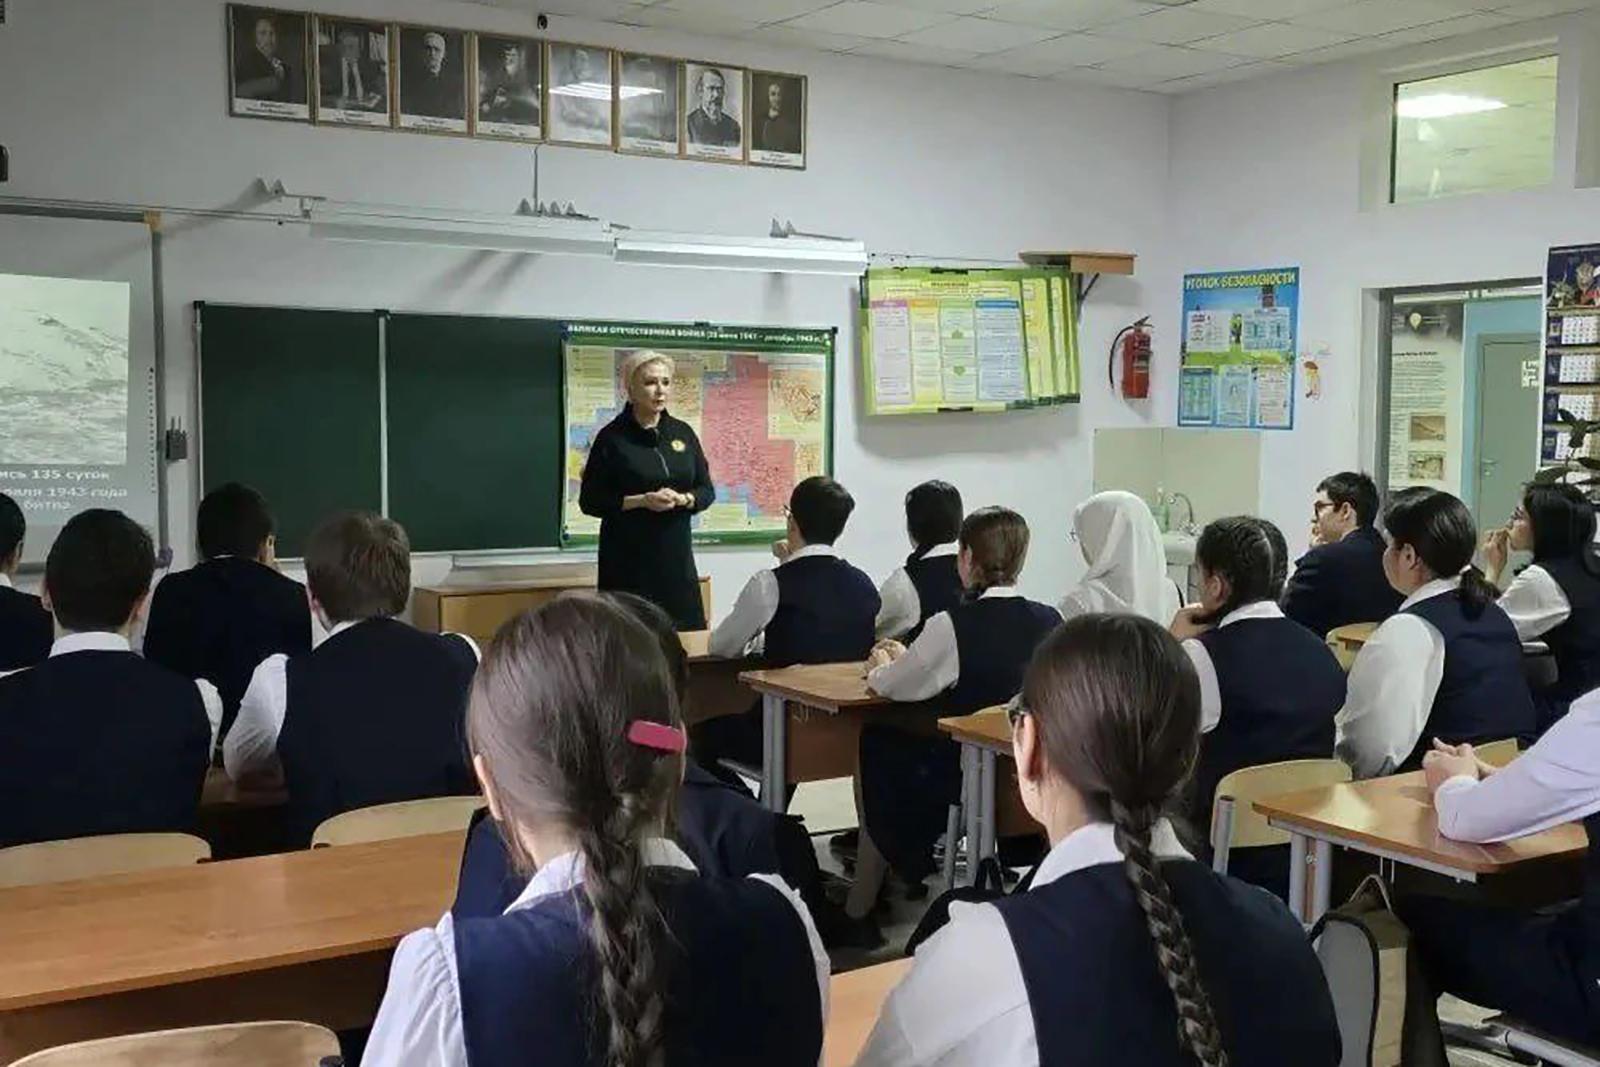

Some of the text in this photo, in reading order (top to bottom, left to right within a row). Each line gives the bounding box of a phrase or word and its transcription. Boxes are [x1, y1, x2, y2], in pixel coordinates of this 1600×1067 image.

[1186, 271, 1296, 290] УГОЛОК БЕЗОПАСНОСТИ
[677, 327, 705, 338] ВОЙНА
[31, 469, 61, 480] 135
[65, 470, 110, 482] суток

******************************

Exercise prompt
Could you retype all the entries above exactly, without the pictures?

Task solution
Some of the text in this photo, in reading order (top to bottom, left to right within a row). Each line gives the bounding box of a phrase or word and its transcription. Boxes are [x1, y1, x2, y2], in pixel coordinates of this 1600×1067 image.

[1186, 271, 1296, 290] УГОЛОК БЕЗОПАСНОСТИ
[677, 327, 705, 338] ВОЙНА
[31, 469, 61, 480] 135
[65, 470, 110, 482] суток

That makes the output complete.